[RECORDS FOR THIS TASK]

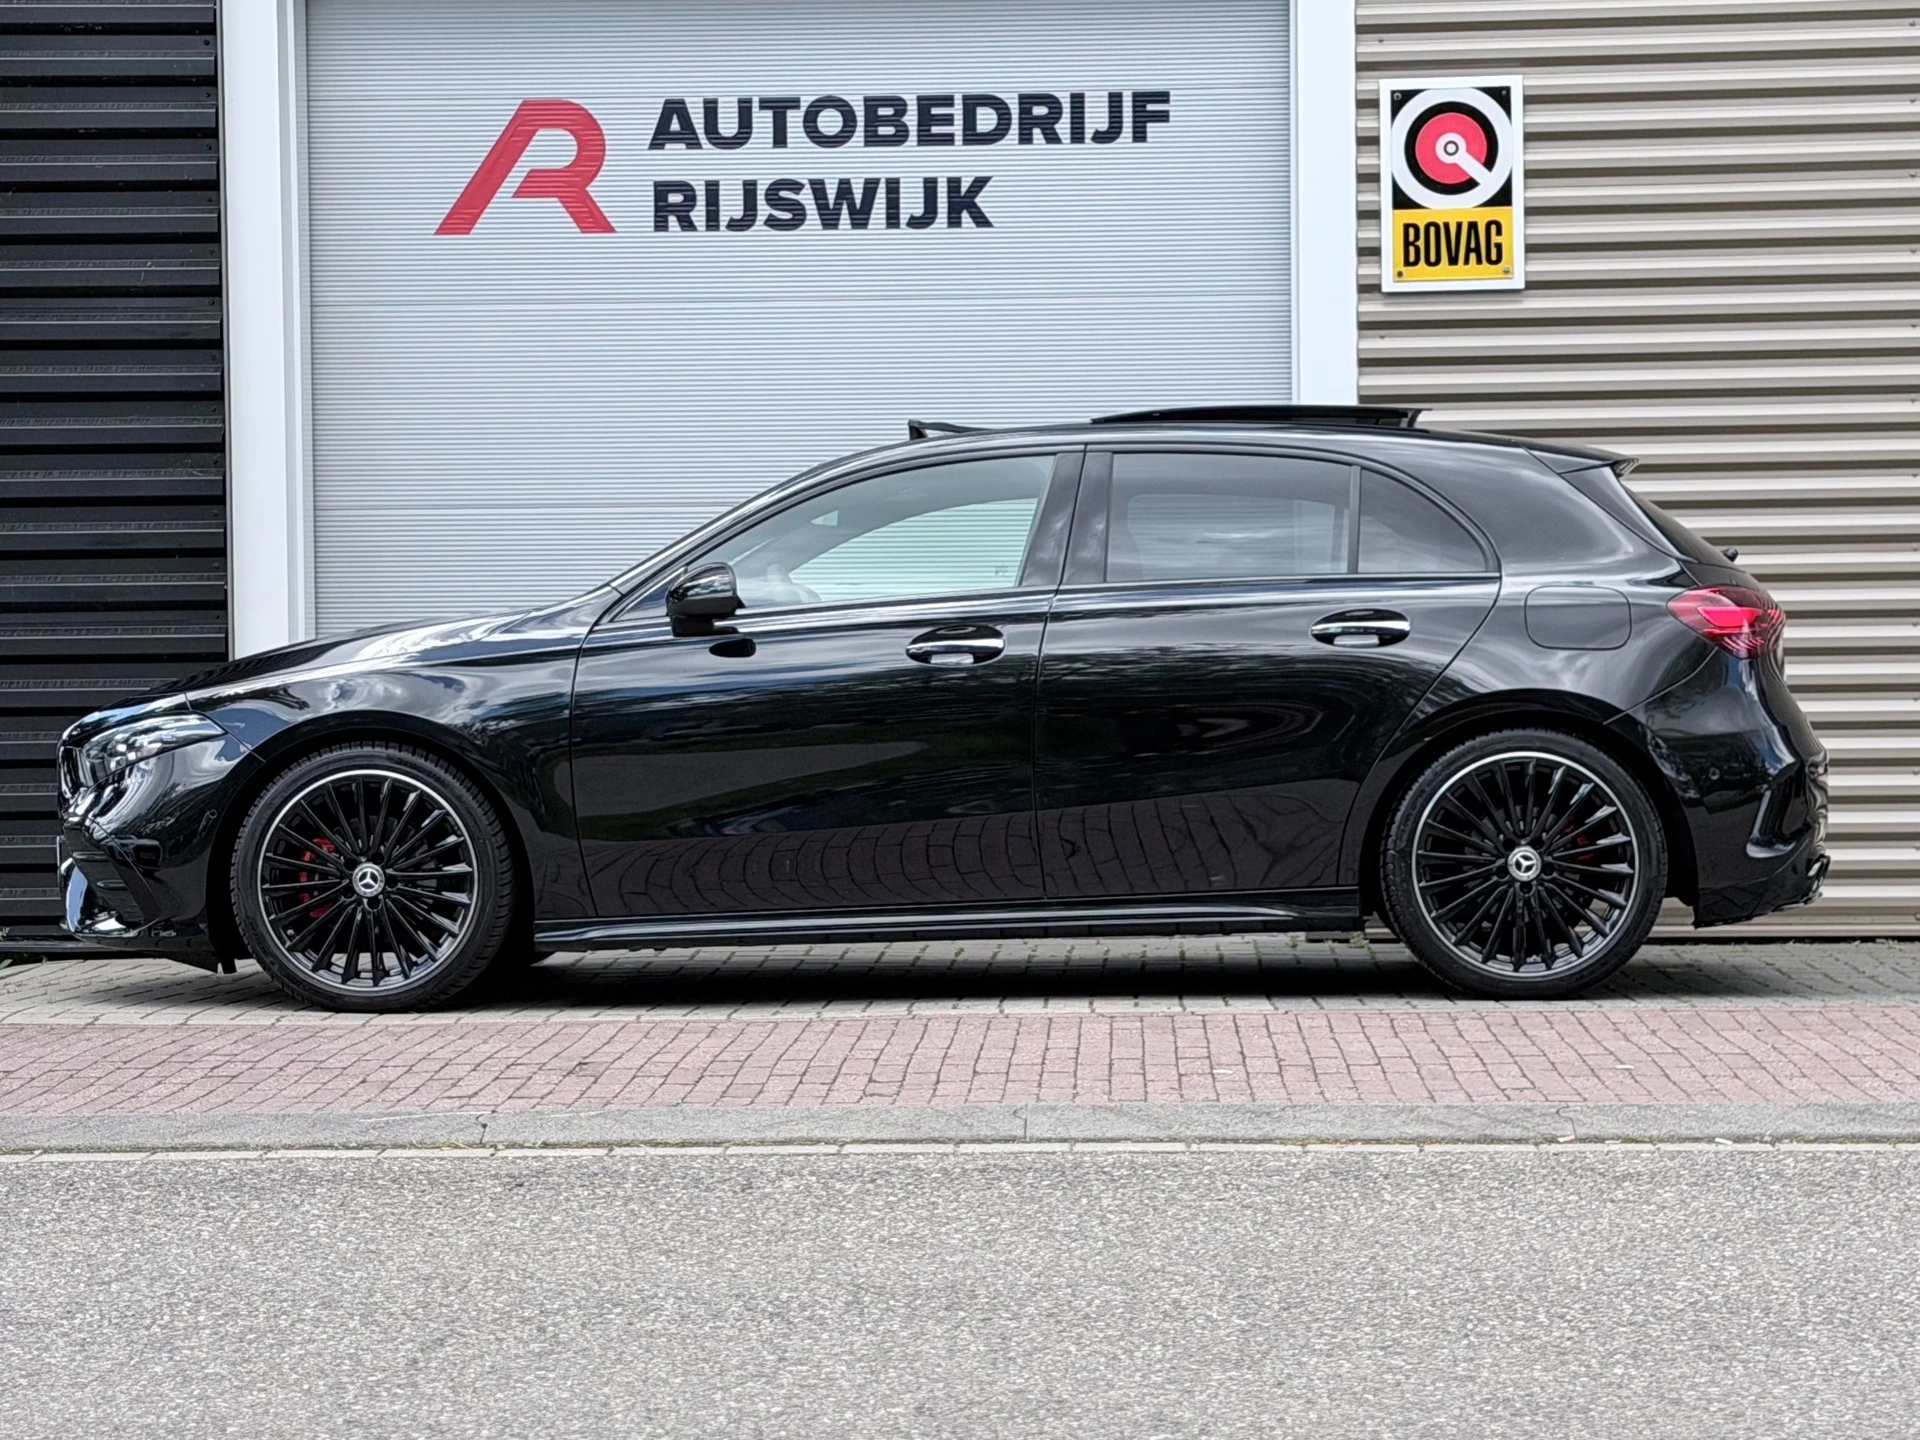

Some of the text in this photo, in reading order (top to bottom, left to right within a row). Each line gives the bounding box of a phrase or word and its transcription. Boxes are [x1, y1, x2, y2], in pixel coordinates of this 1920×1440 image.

[648, 90, 1171, 150] AUTOBEDRIJF
[652, 175, 994, 232] RIJSWIJK
[1403, 219, 1503, 267] BOVAG
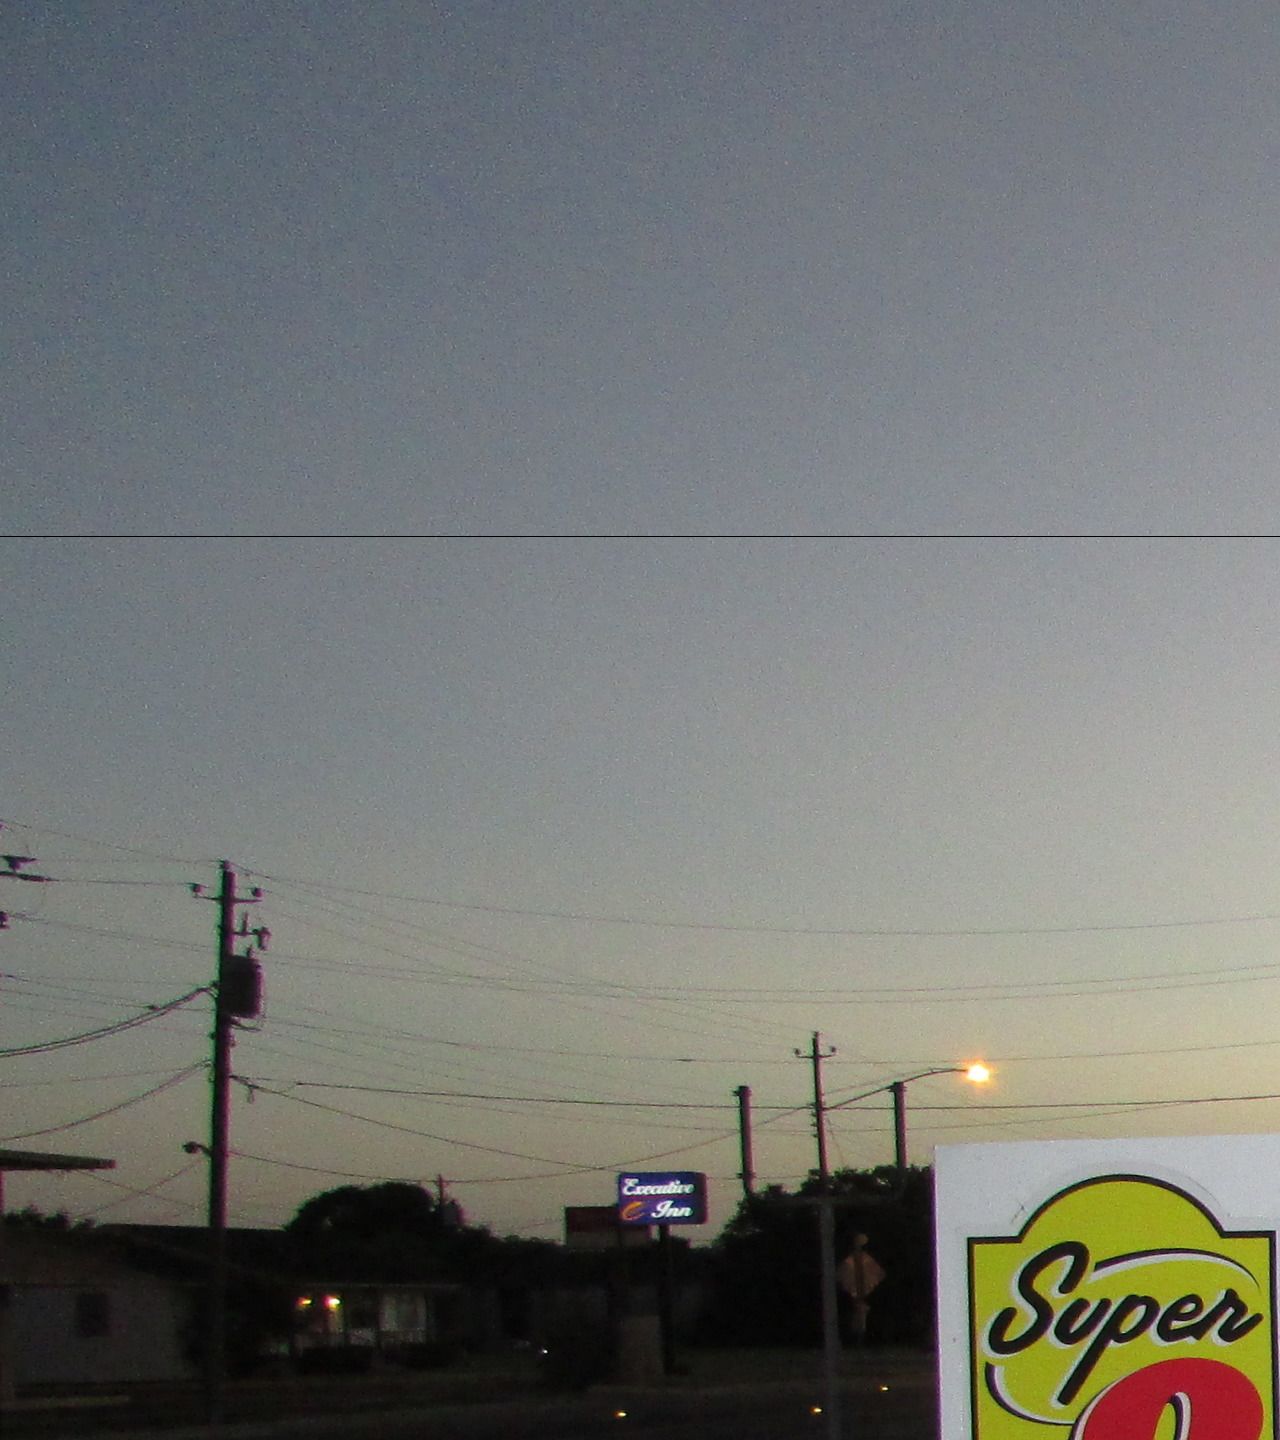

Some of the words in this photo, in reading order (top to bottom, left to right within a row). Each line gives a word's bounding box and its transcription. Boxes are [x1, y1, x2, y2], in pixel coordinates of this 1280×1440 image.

[622, 1178, 695, 1195] Executive
[651, 1200, 693, 1218] Inn
[987, 1240, 1263, 1406] Super
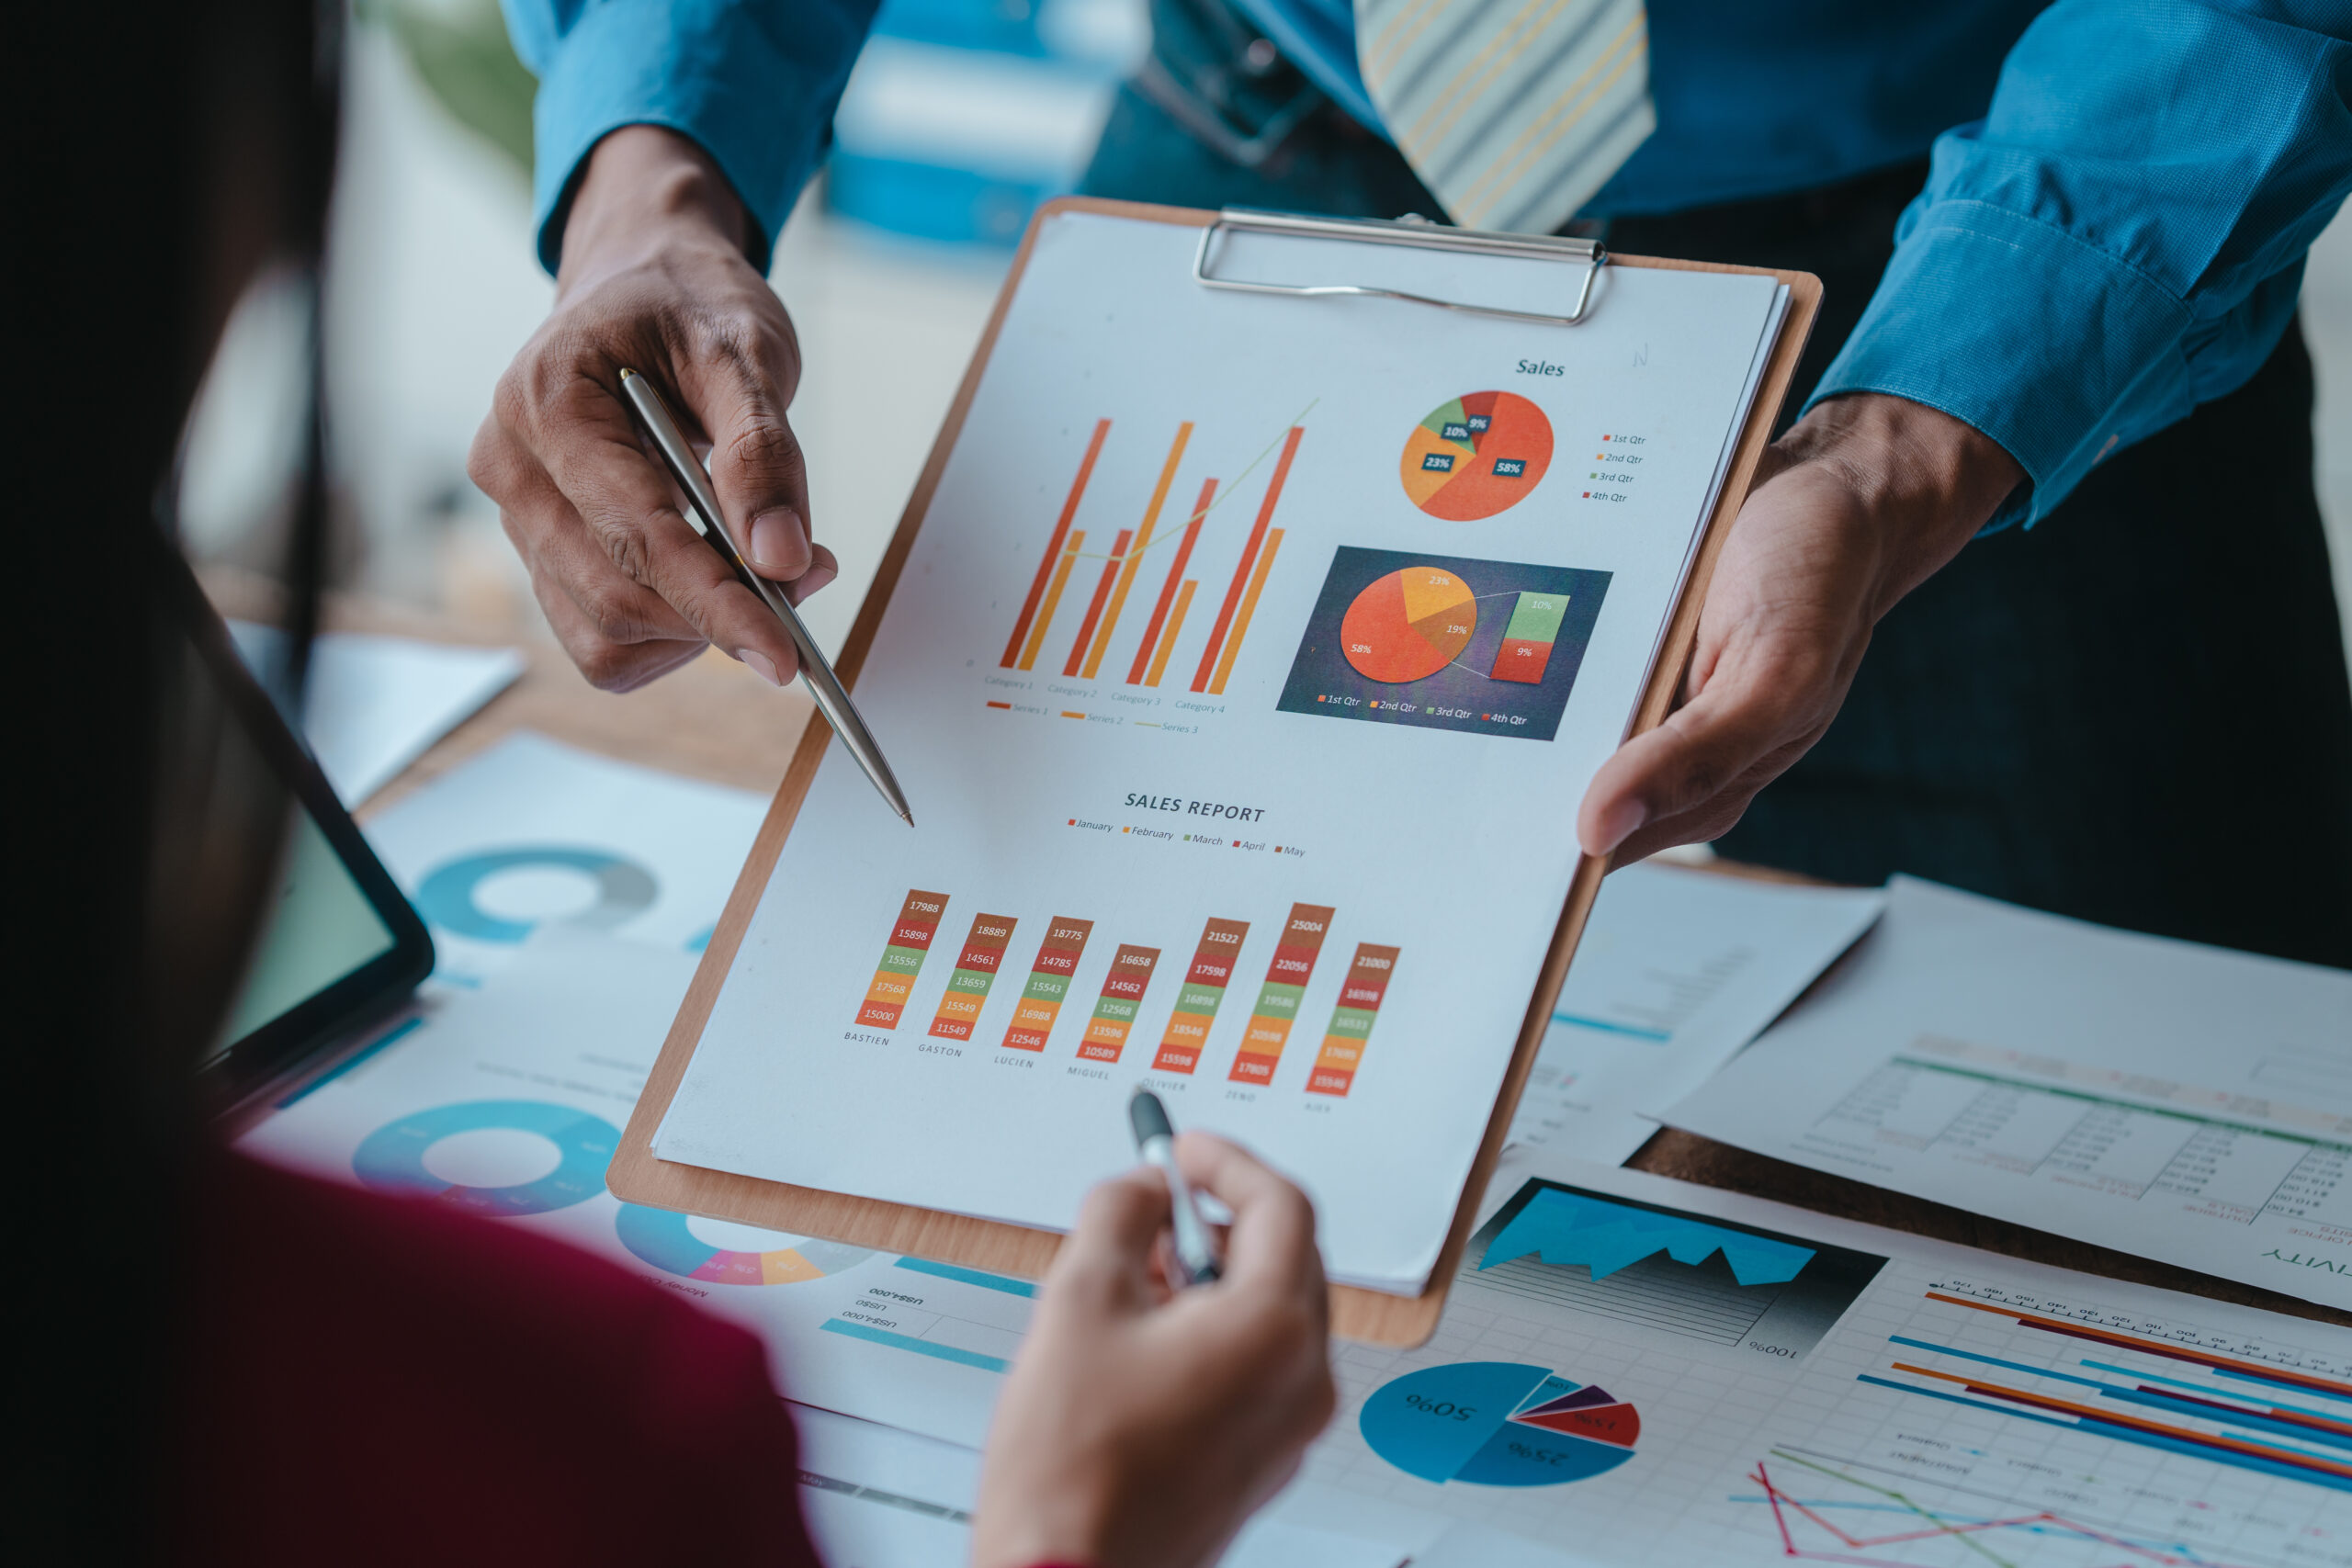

[/RECORDS FOR THIS TASK]

Reproduce each record above by retyping it exactly; omit all images.

[RESPONSE BOX]:
Some of the text in this photo, in reading order (top to bottom, left to right within a row). Each line gives the bounding box of a phrase or word and its transcription. Boxes are [x1, y1, x2, y2], in pixel coordinates of this 1920×1440 image.

[648, 90, 1171, 150] AUTOBEDRIJF
[652, 175, 994, 232] RIJSWIJK
[1403, 219, 1503, 267] BOVAG

Some of the words in this photo, in reading order (top to bottom, left to right within a row). Each line gives a word's bounding box and its transcription. Boxes are [x1, y1, x2, y2], in pixel coordinates of this 1280×1440 image.

[622, 1178, 695, 1195] Executive
[651, 1200, 693, 1218] Inn
[987, 1240, 1263, 1406] Super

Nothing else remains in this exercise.